Keep-alive wouldn’t work in a situation that client send request to server continuously,but server never ack. So we need tcp_user_timeout to check whether the connection is active or not. You can refer https://blog.cloudflare.com/when-tcp-sockets-refuse-to-die/ to know how tcp_user_timeout work.

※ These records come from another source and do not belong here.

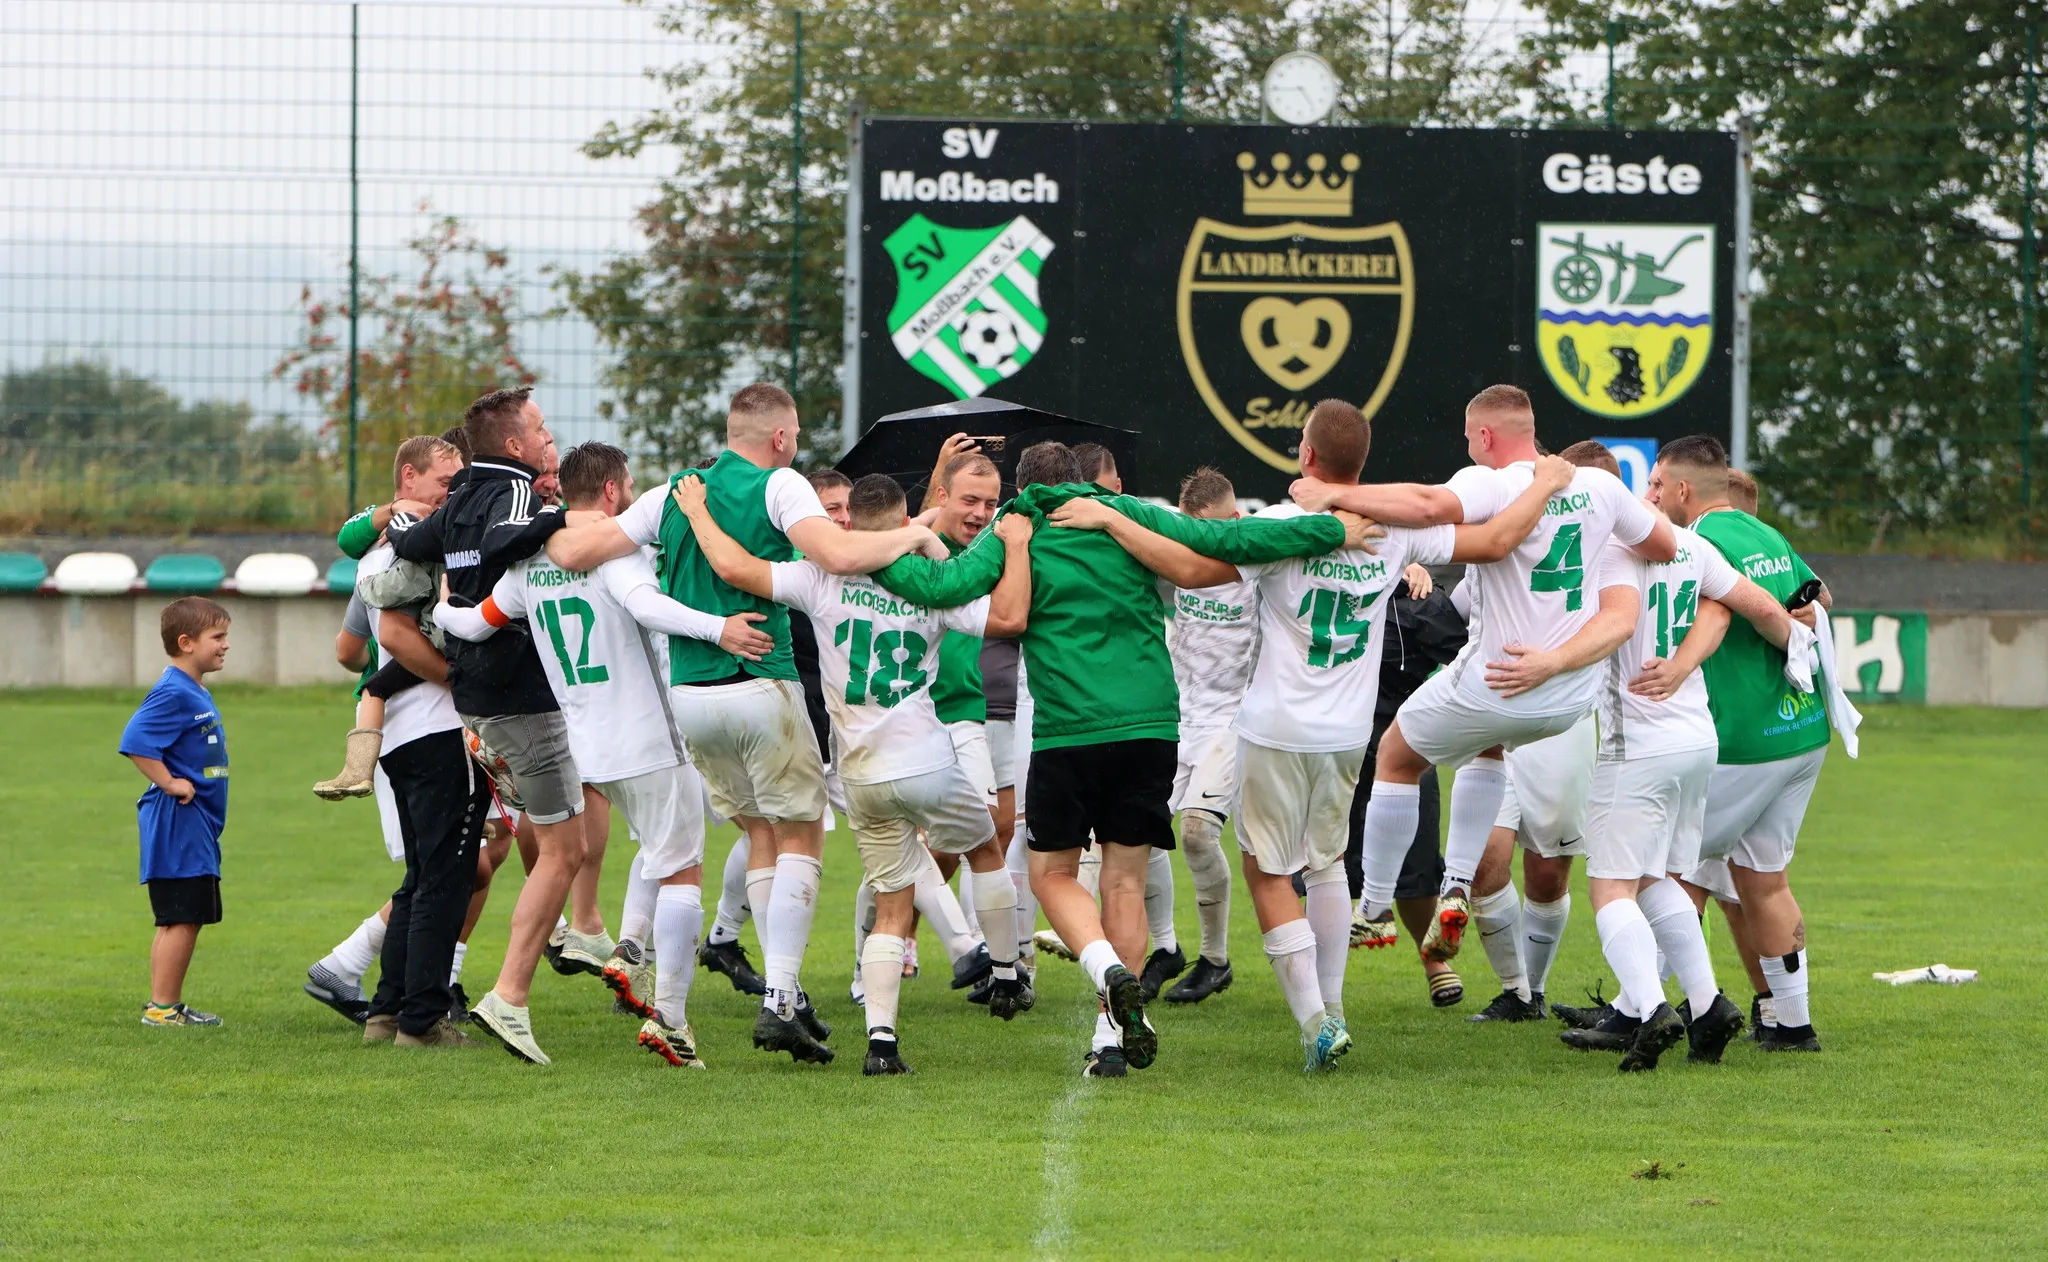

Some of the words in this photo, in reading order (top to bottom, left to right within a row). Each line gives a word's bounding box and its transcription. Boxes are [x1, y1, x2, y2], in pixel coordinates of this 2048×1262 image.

[941, 128, 999, 159] SV
[1542, 152, 1702, 195] Gäste
[880, 170, 1059, 203] Moßbach
[903, 231, 948, 282] SV
[1200, 248, 1397, 278] LANDBÄCKEREI
[911, 265, 989, 339] Moßbach
[1530, 522, 1584, 612] 4
[1204, 598, 1229, 614] FÜR
[1297, 588, 1384, 669] 15
[1648, 580, 1697, 659] 14
[535, 596, 610, 687] 12
[834, 617, 928, 709] 18
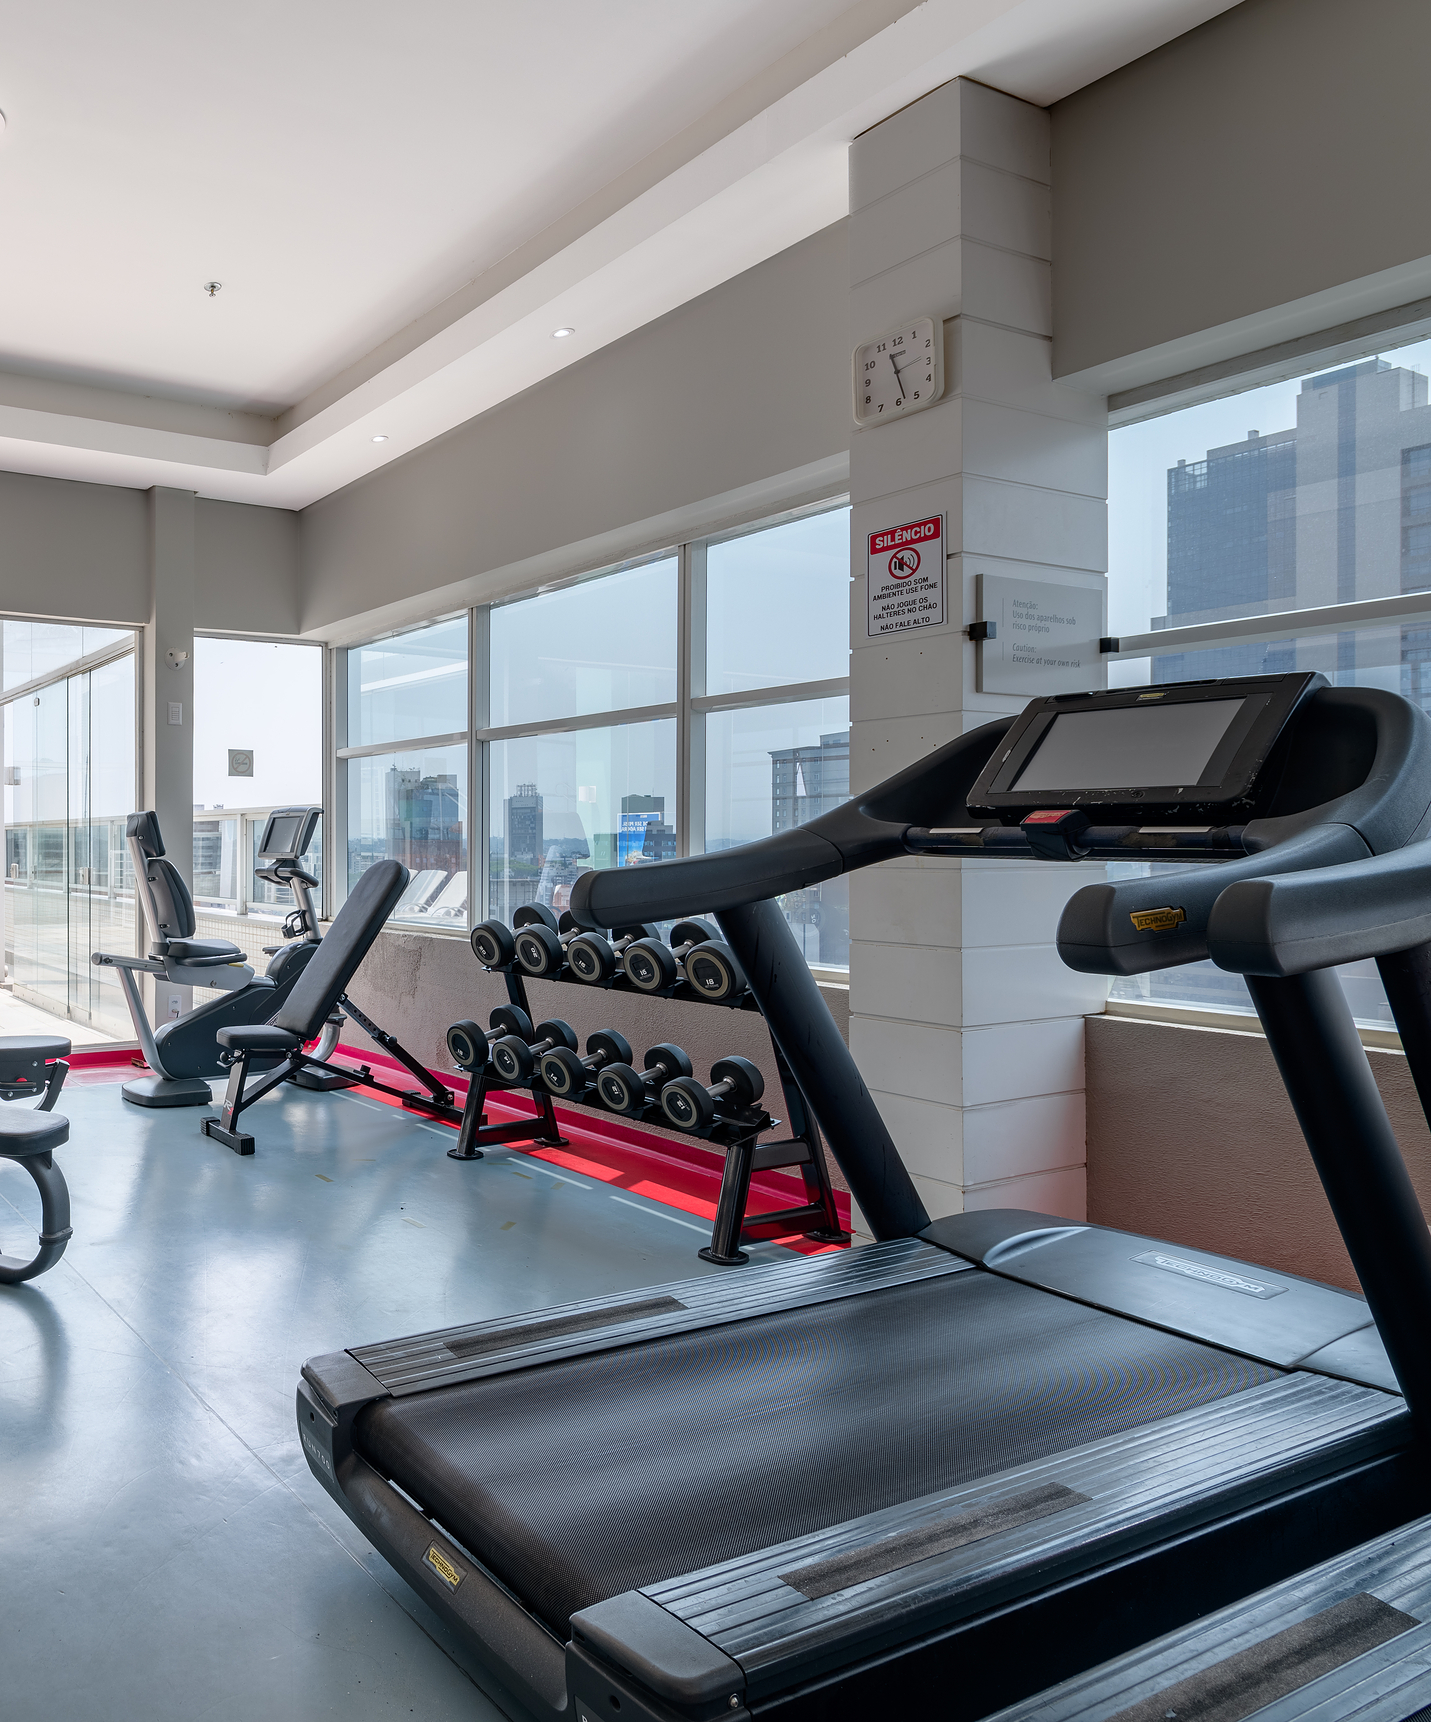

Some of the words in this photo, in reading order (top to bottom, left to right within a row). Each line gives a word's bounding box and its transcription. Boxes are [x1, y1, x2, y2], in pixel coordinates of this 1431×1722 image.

You need add netty-transport-native-epoll to your dependencies

Gradle deps: check your lettuce version and use proper netty version

api 'io.netty:netty-transport-native-epoll:4.1.65.Final:linux-x86_64'
api 'io.netty:netty-transport-native-epoll:4.1.65.Final:linux-aarch_64'

Java code example:

       // customize your netty
        ClientResources clientResources = ClientResources.builder()
                .nettyCustomizer(new NettyCustomizer() {
                    @Override
                    public void afterBootstrapInitialized(Bootstrap bootstrap) {
                        if (EpollProvider.isAvailable()) {
                            // TCP_USER_TIMEOUT >= TCP_KEEPIDLE + TCP_KEEPINTVL * TCP_KEEPCNT
                            // https://blog.cloudflare.com/when-tcp-sockets-refuse-to-die/
                            bootstrap.option(EpollChannelOption.TCP_USER_TIMEOUT, tcpUserTimeout);
                        }
                    }
                })
                .build();


       // create your socket options
       SocketOptions socketOptions = SocketOptions.builder()
                .connectTimeout(connectTimeout)
                .keepAlive(SocketOptions.KeepAliveOptions.builder()
                        .enable()
                        .idle(Duration.ofSeconds(5))
                        .interval(Duration.ofSeconds(1))
                        .count(3)
                        .build())
                .build();
         

I think a better strategy is to reconnect after X (1 by default) consecutive timeouts

I mean from X consecutive timeouts, if x = 2, the sequence should be: TIMEOUT - TIMEOUT, then, we can reconnect. for TIMEOUT - SUCCESS - TIMEOUT will set X = 0 again after SUCCESS and will not reconnect.

@mp911de What do you think of this strategy? If agreed, I will prepare a PR.

@yangbodong22011 Adding TCP_USER_TIMEOUT to SocketOptions (tcpUserTimeout) would be a great addition, happy to include that one.

image @chuckz1321 hey, here, It’s millseconds not seconds.